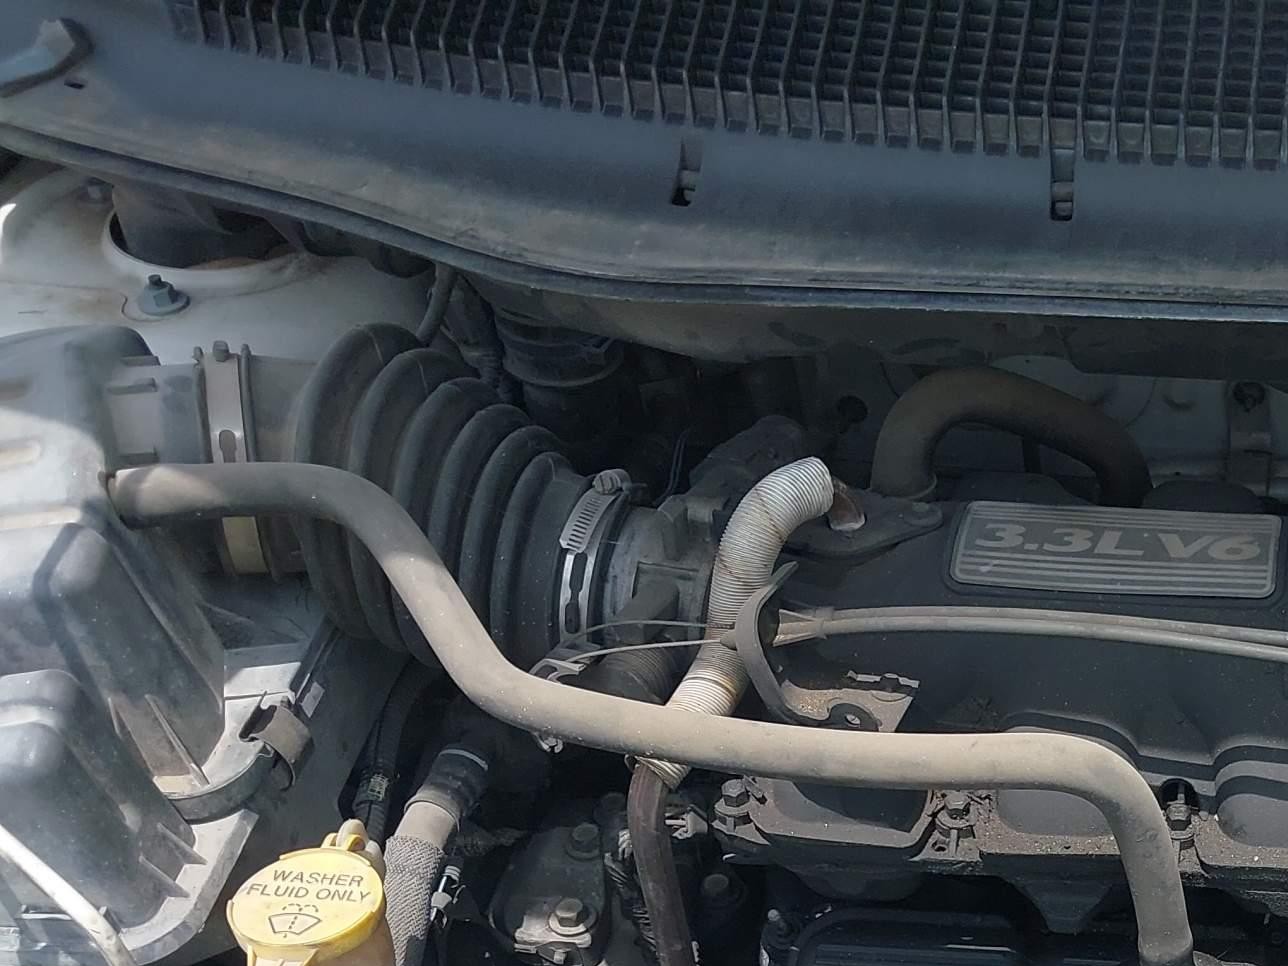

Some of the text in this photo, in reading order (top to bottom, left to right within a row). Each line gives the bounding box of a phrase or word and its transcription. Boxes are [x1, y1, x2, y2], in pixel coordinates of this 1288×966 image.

[975, 523, 1260, 561] 3.3L V6
[273, 869, 364, 887] WASHER
[246, 883, 371, 903] FLUID ONLY
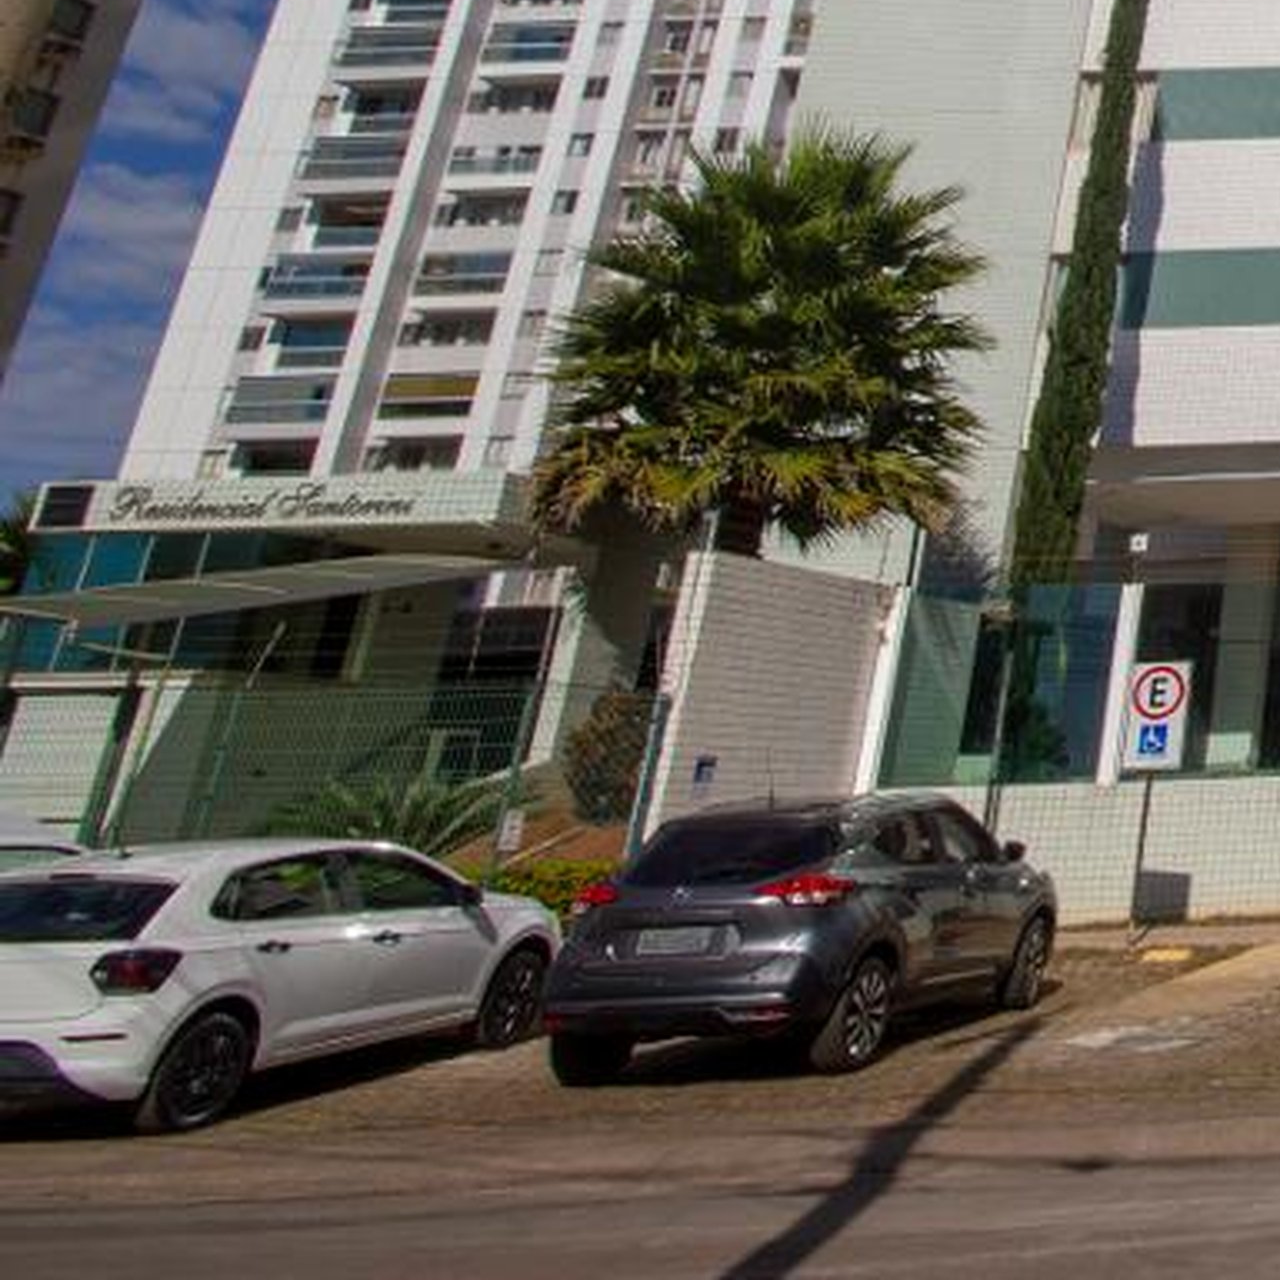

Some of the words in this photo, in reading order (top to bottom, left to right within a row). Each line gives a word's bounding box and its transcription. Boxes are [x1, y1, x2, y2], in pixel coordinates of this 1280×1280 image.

[109, 486, 278, 521] Residencial
[276, 482, 416, 518] Santorini
[1149, 676, 1170, 709] E
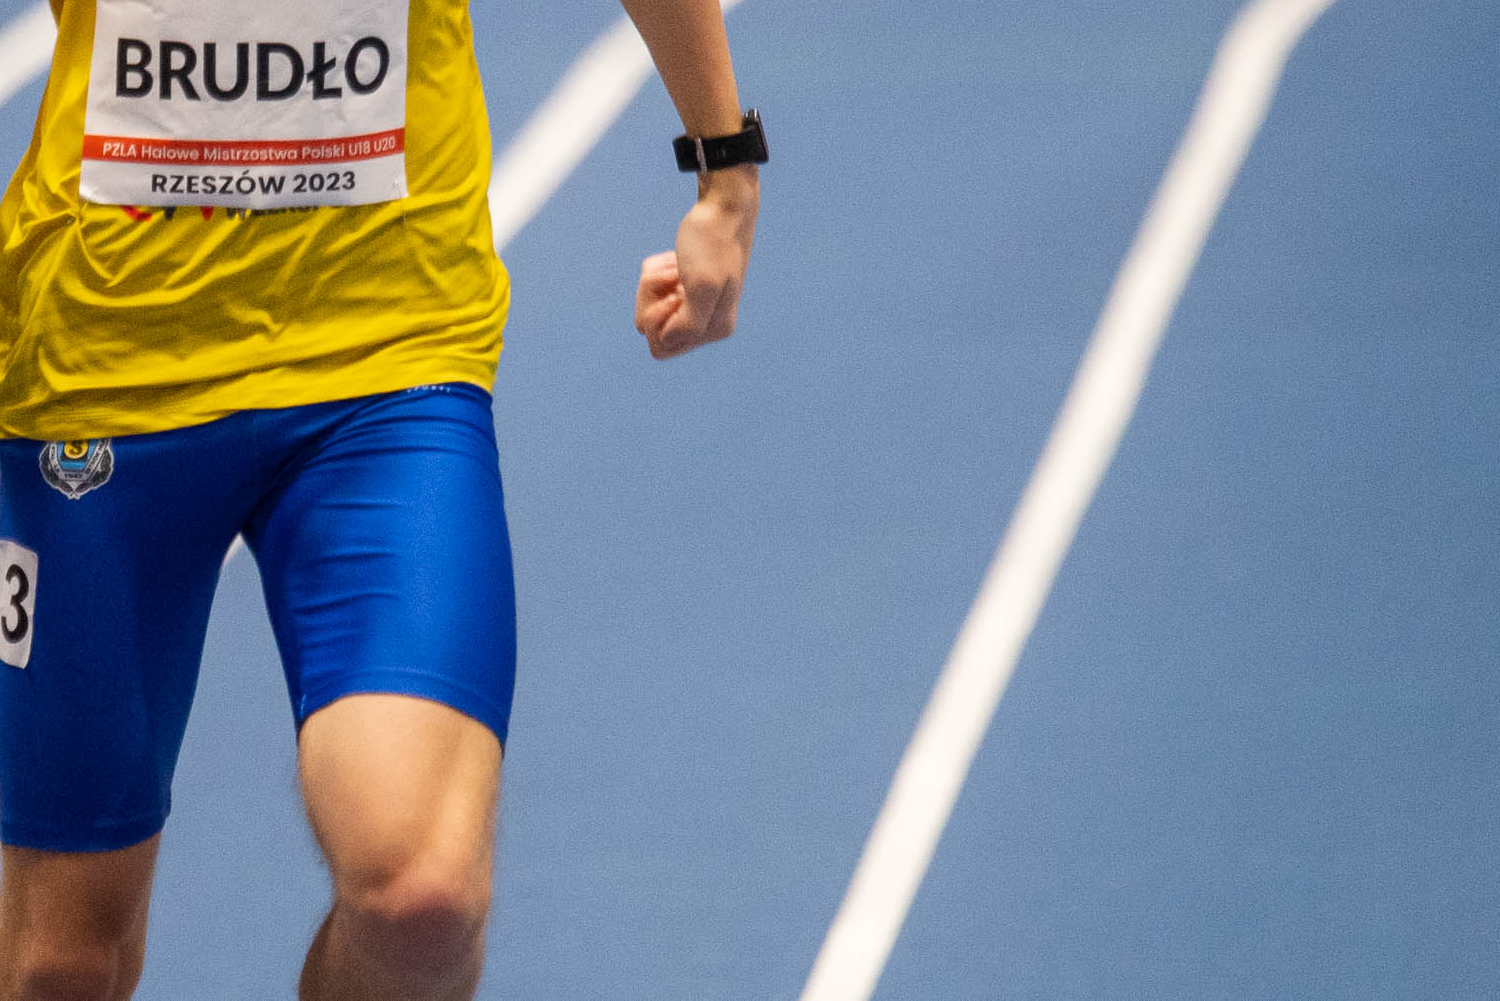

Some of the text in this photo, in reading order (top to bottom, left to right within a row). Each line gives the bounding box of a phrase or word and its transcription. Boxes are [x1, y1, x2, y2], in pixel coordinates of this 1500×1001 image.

[115, 36, 390, 103] BRUDŁO
[102, 136, 396, 162] PZLA Halowe Mistrzostwa Polski U18 U20
[151, 169, 356, 195] RZESZÓW 2023
[1, 563, 31, 644] 3
··········
### [What is required]
Lines before the one containing "this 1500×1001 image." stay out; reproduce that line and all the lines after it, through the end of the listing, exactly.

### [Your solution]
Some of the text in this photo, in reading order (top to bottom, left to right within a row). Each line gives the bounding box of a phrase or word and its transcription. Boxes are [x1, y1, x2, y2], in pixel coordinates of this 1500×1001 image.

[115, 36, 390, 103] BRUDŁO
[102, 136, 396, 162] PZLA Halowe Mistrzostwa Polski U18 U20
[151, 169, 356, 195] RZESZÓW 2023
[1, 563, 31, 644] 3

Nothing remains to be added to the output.